## [TASK INPUTS]
- - - - -
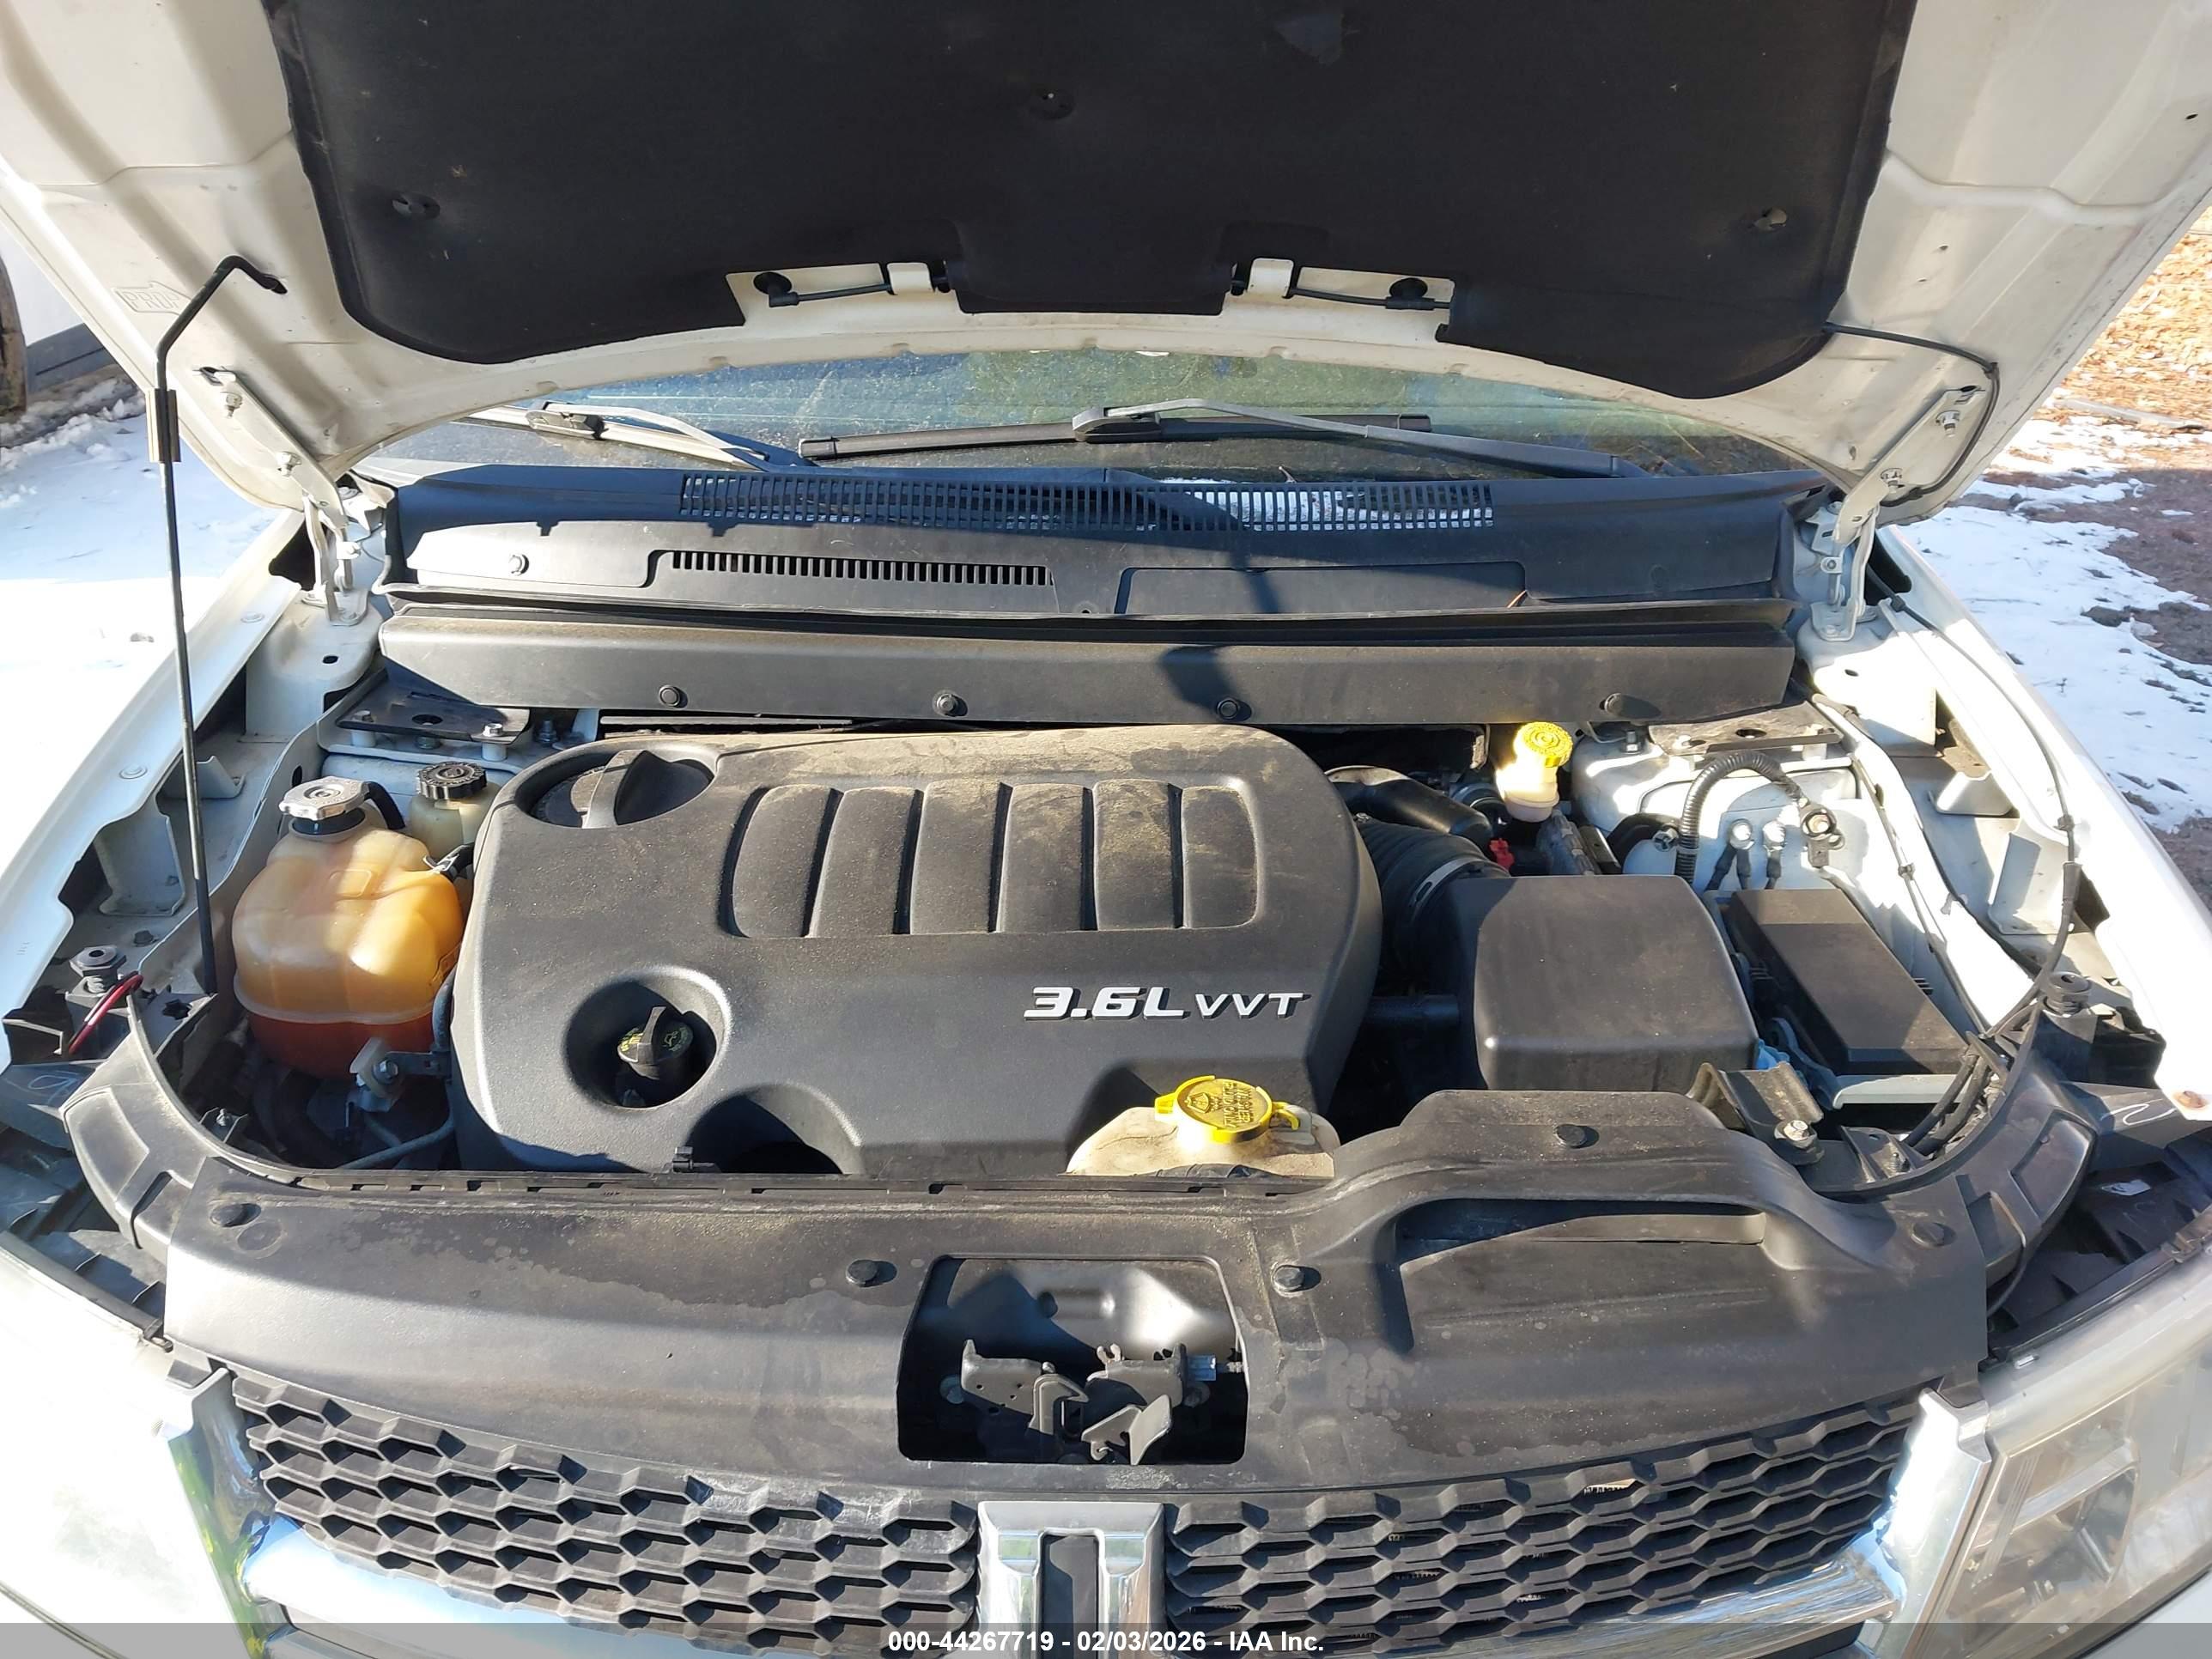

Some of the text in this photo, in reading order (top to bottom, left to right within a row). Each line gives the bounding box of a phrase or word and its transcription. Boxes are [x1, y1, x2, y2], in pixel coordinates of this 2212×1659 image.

[1024, 987, 1305, 1019] 3.6L VVT
[1222, 1080, 1237, 1127] FLUID ONLY
[1237, 1087, 1253, 1123] WASHER
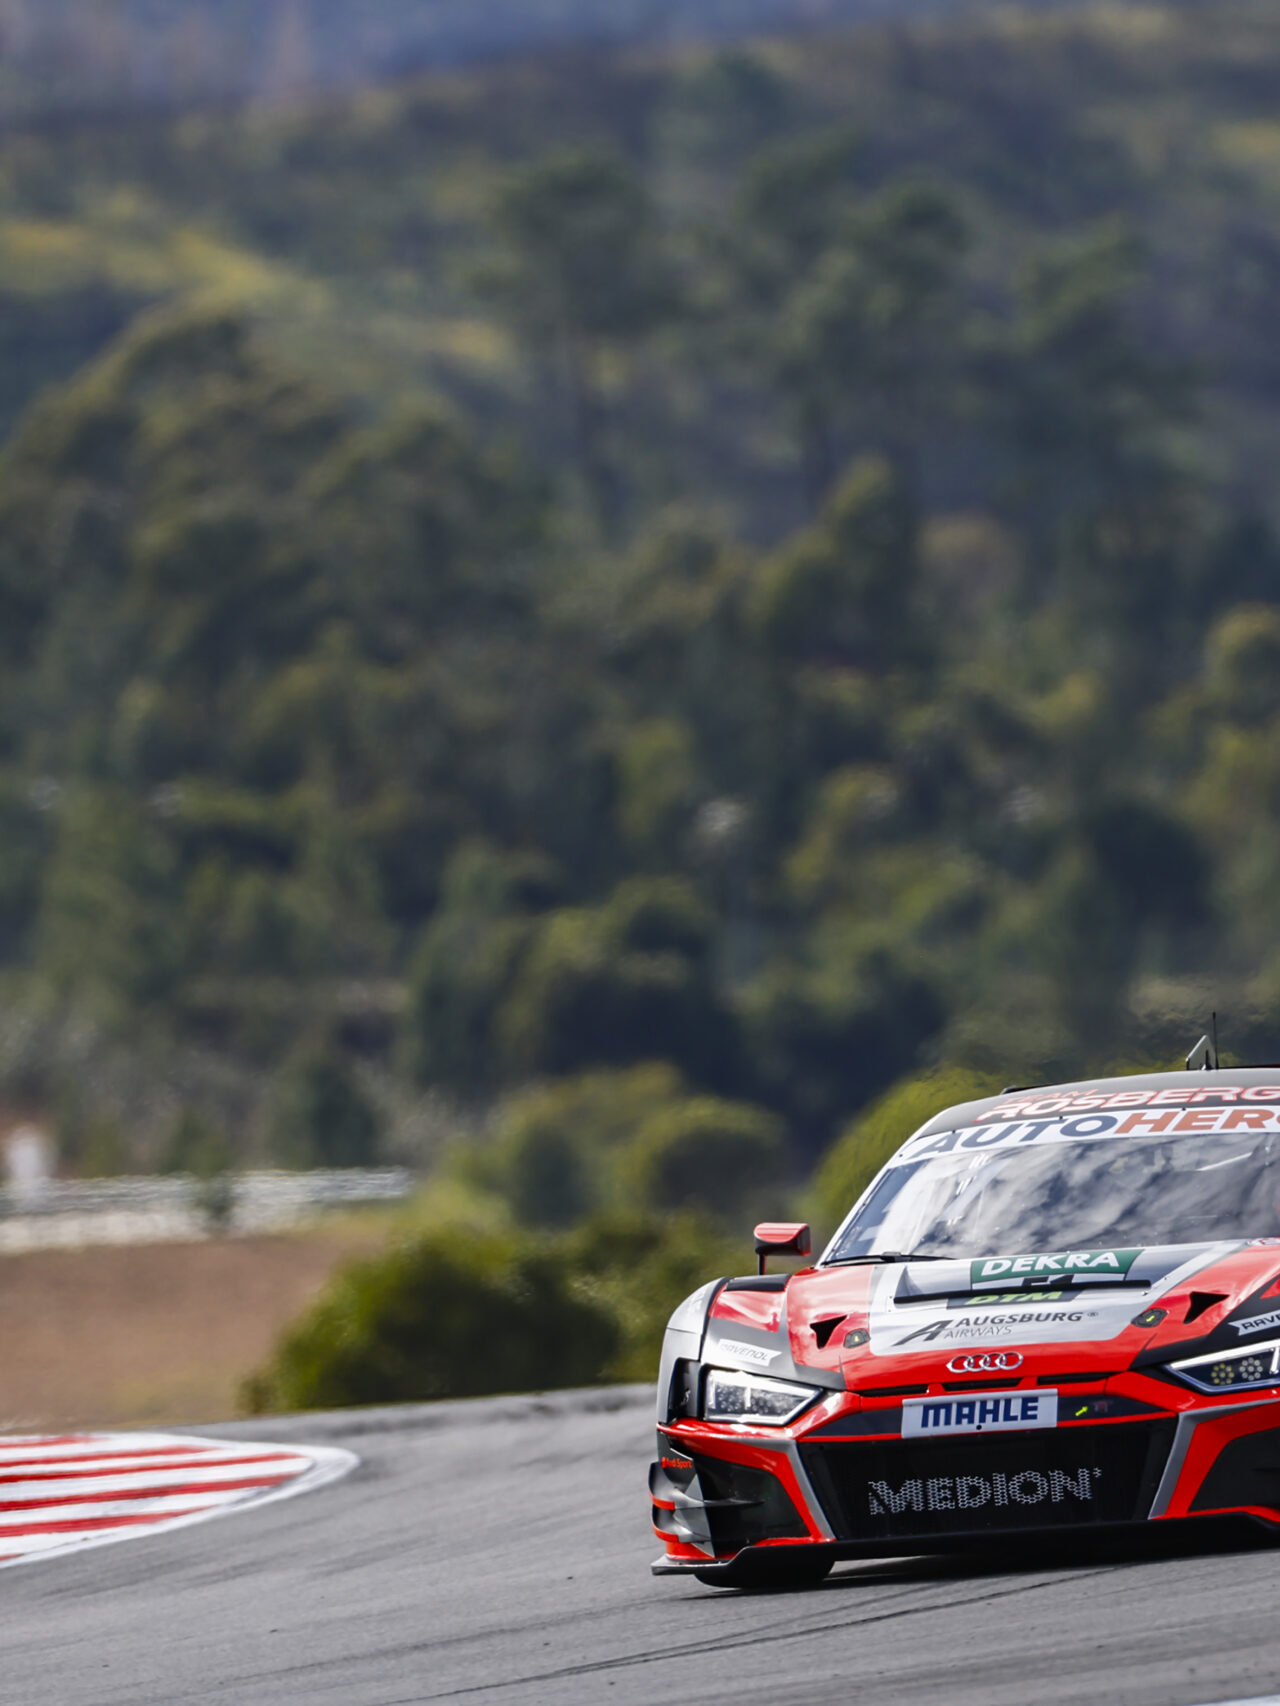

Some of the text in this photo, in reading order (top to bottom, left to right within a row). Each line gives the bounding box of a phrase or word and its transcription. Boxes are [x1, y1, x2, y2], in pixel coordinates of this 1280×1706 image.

[980, 1251, 1120, 1276] DEKRA
[963, 1290, 1064, 1305] DTM
[955, 1311, 1084, 1328] AUGSBURG
[944, 1324, 1013, 1340] AIRWAYS
[921, 1396, 1039, 1428] MAHLE
[868, 1468, 1093, 1515] MEDION
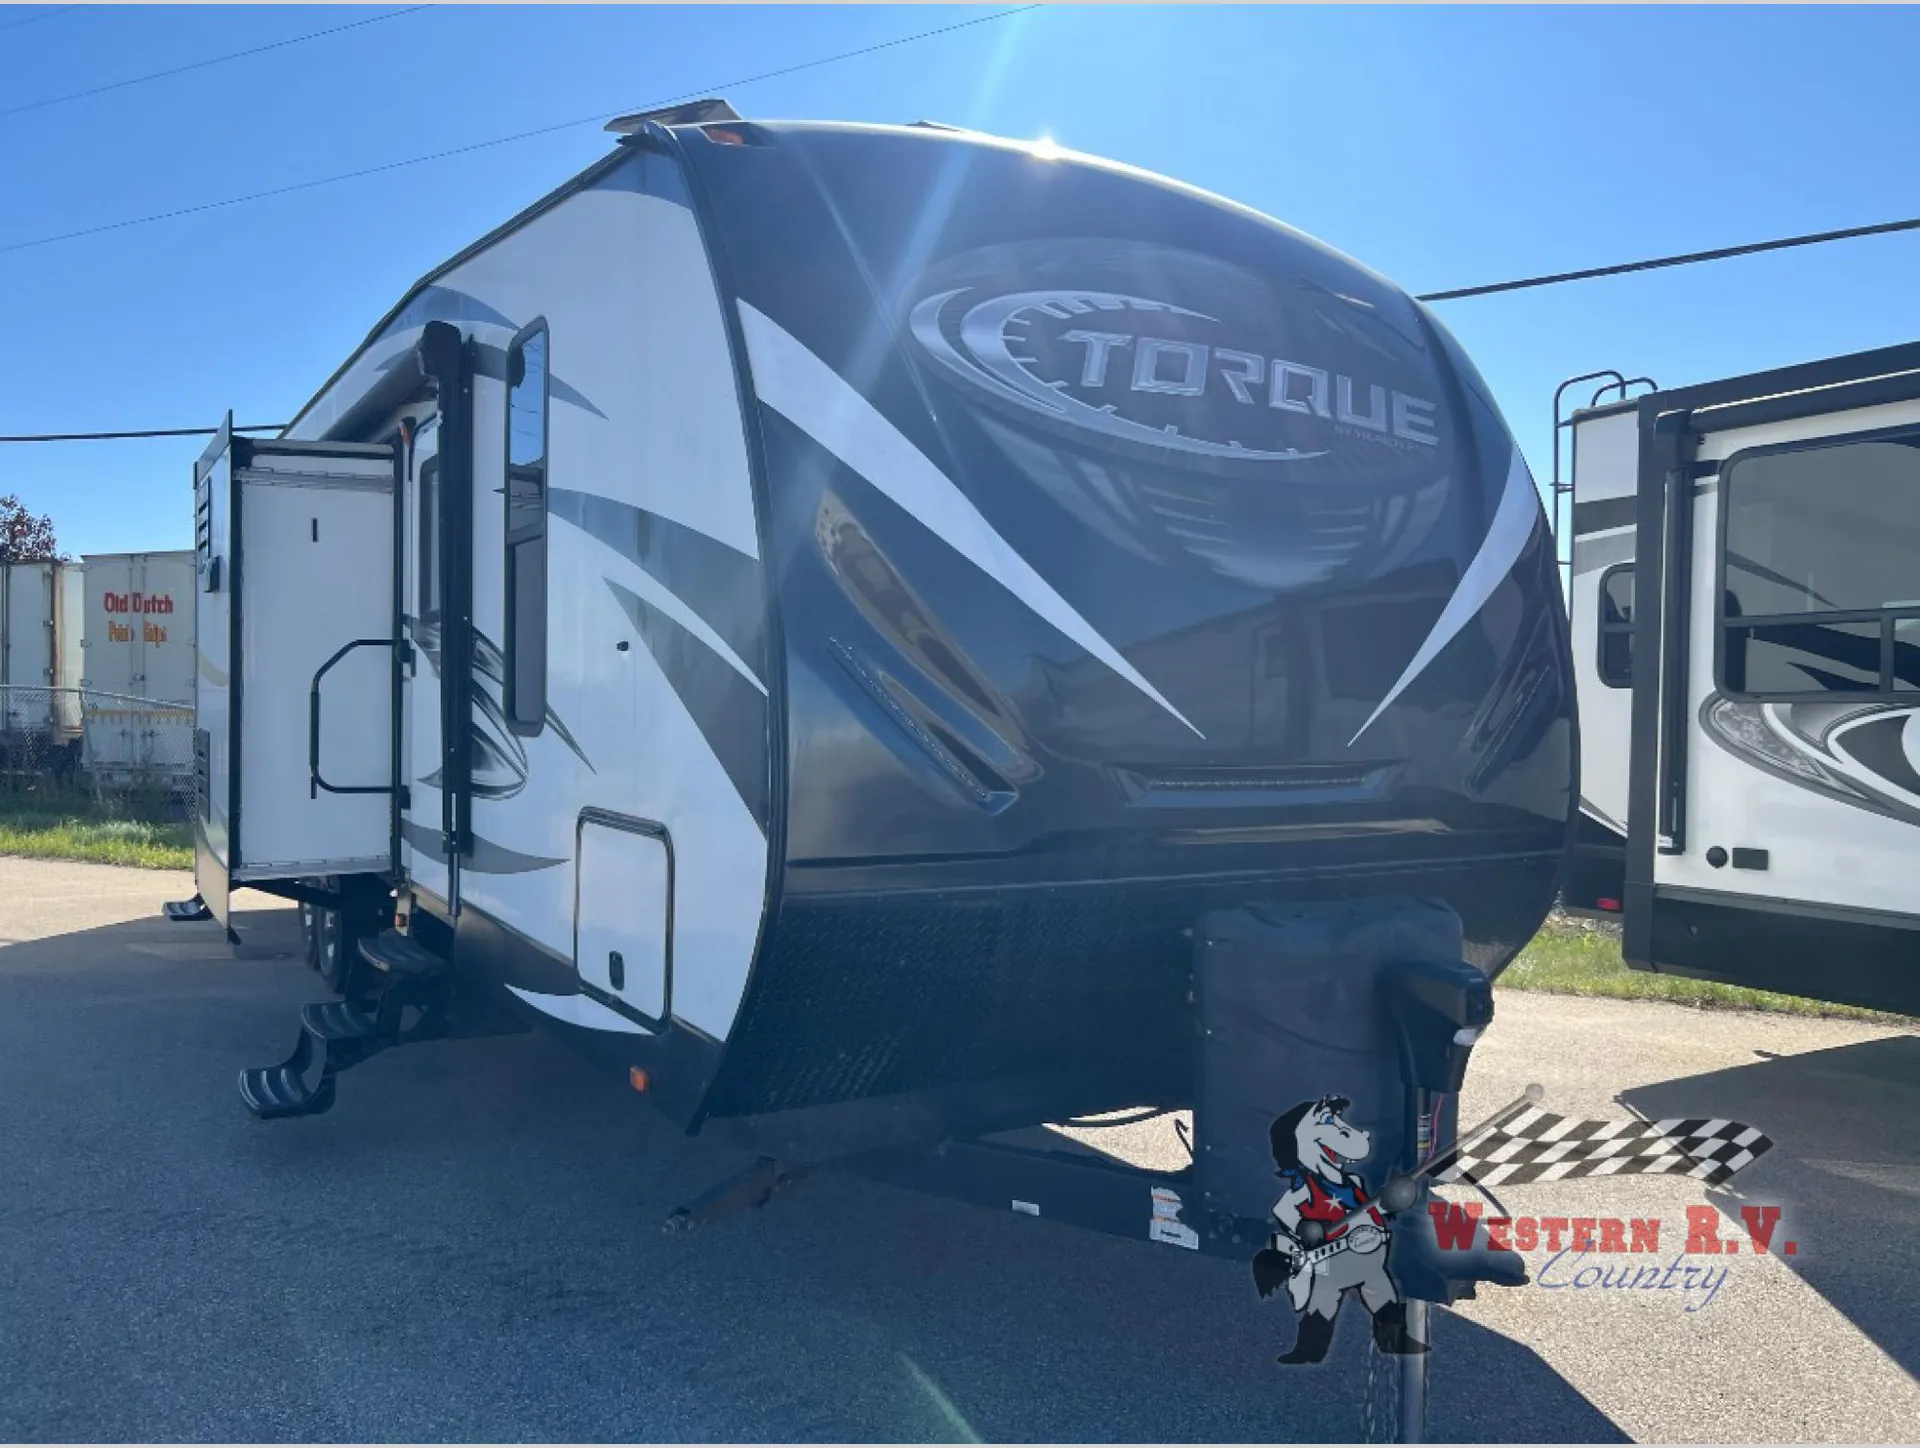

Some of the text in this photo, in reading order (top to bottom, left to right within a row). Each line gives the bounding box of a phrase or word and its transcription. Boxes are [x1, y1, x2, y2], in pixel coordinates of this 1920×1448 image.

[1057, 329, 1440, 446] TORQUE
[104, 592, 173, 613] Old Dutch
- - - - -
## [WORK INSTRUCTION]
Print each line of the listing exactly and include no pictures.

## [EXPECTED ANSWER]
Some of the text in this photo, in reading order (top to bottom, left to right within a row). Each line gives the bounding box of a phrase or word and its transcription. Boxes are [x1, y1, x2, y2], in pixel coordinates of this 2212×1659 image.

[1024, 987, 1305, 1019] 3.6L VVT
[1222, 1080, 1237, 1127] FLUID ONLY
[1237, 1087, 1253, 1123] WASHER

Some of the text in this photo, in reading order (top to bottom, left to right within a row). Each line gives the bounding box of a phrase or word and its transcription. Boxes are [x1, y1, x2, y2], in pixel coordinates of this 1280×1706 image.

[980, 1251, 1120, 1276] DEKRA
[963, 1290, 1064, 1305] DTM
[955, 1311, 1084, 1328] AUGSBURG
[944, 1324, 1013, 1340] AIRWAYS
[921, 1396, 1039, 1428] MAHLE
[868, 1468, 1093, 1515] MEDION

Some of the text in this photo, in reading order (top to bottom, left to right within a row). Each line gives the bounding box of a phrase or word and its transcription. Boxes are [x1, y1, x2, y2], in pixel coordinates of this 1920×1448 image.

[1057, 329, 1440, 446] TORQUE
[104, 592, 173, 613] Old Dutch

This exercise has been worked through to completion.